Ainda neste diapasão e à luz da filosofia da linguagem, o autor tece críticas a ambos
anteprojetos do Novo CPC e Novo CPP por considerá-los reféns de uma concepção
de mundo que entende o modo de decidir como vontade do intérprete, possibilitando
discricionariedades e arbitrariedades (STRECK, 2010, p.47).
De modo semelhante carrega críticas sobre o abuso na utilização exagerada e sem
controle dos princípios constitucionais, o que denominou-se “pan-principiologismo”. Ou
seja, quando não concordamos com a lei ou com a Constituição, construímos um
princípio. Nas palavras do autor:
“a maior parte das sentenças e acórdãos acaba utilizando tais argumentos comoum
instrumento para o exercício da mais ampla discricionariedade (para dizer o menos) e
o livre cometimento de ativismo” (STRECK, 2010, p. 48).
Ainda sobre esta questão, trata o autor sobre a colisão de princípios constitucionais
explicando, com base na teoria de Robert Alexy, a maneira capaz para resolver a lide
originária da colisão de princípios, criando-se uma regra fundamental.
Destarte, Streck destaca que a resolução da colisão de princípios seria feita por uma
regra e a aplicação dessa regra seria perpetrada por subsunção, i.e., pela aplicação
direta da norma jurídica a um determinado tipo.
É diante disso que Lenio Streck centra suas críticas à forma de ponderação utilizada
no Brasil, que se descarta a criação de uma regra fundamental para ser utilizada na
resolução da lide originária do conflito, aplicando-se, sim, a proporcionalidade
diretamente, como se fosse uma regra.
A propósito disso, o Streck in verbis:
“É por isso que venho sustentando – inclusive alterando posição professada há alguns
anos atrás – que a proporcionalidade somente tem sentido se entendida como
‘garantia de equanimidade’. Ou seja, proporcionalidade – admitindo-se-a ad
argumentandum tantum – não é (e não pode ser) sinônimo de equidade.
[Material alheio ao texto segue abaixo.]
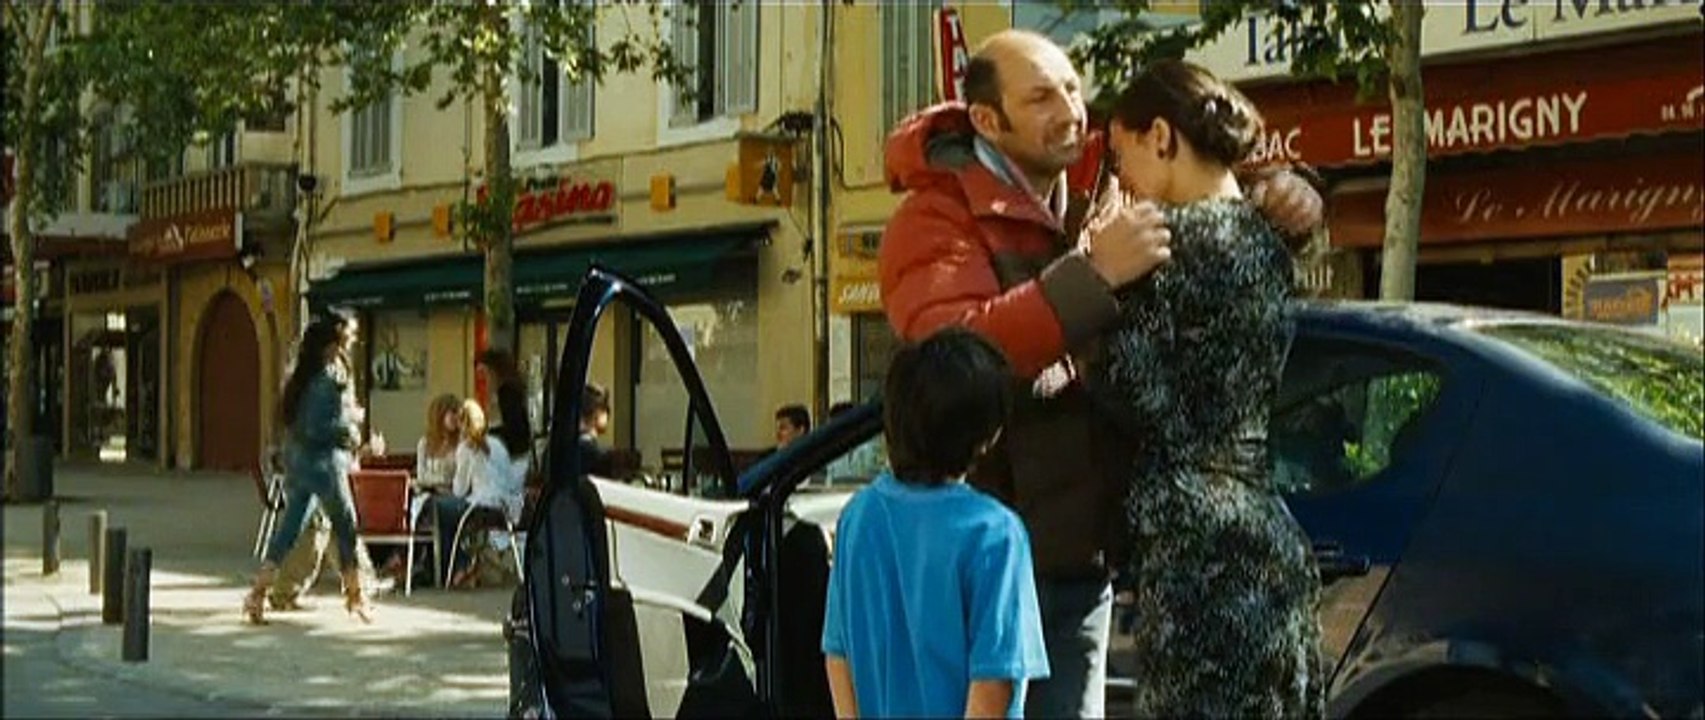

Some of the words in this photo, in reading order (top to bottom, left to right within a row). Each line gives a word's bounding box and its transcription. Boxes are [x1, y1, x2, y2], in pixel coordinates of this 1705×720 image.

[1352, 114, 1392, 157] LE
[1423, 90, 1588, 148] MARIGNY
[476, 179, 615, 232] asino
Fora disso, o
‘princípio’ da proporcionalidade se torna um irmão siamês do livre convencimento,
ambos frutos do casamento do positivismo jurídico com a filosofia da consciência, com
o que voltamos ao âmago do tema tratado nesta obra: pode o sujeitosolipsista se
manter em pleno giro ontológico-linguístico?” (STRECK, 2010, p. 50-51).
Serve a situação acima, juntamente com outras apresentadas pelo autor para
demonstrar o que se denominou de filosofia da consciência e como isso está
impregnada nos tribunais e doutrinadores.
Ao que parece, o autor tenta demonstrar que apesar da constatação do rompimento
da filosofia da linguagem por parte do sujeito solipcista, verifica-se que várias
correntes de pensamento são utilizadas para defender uma ou outra posição.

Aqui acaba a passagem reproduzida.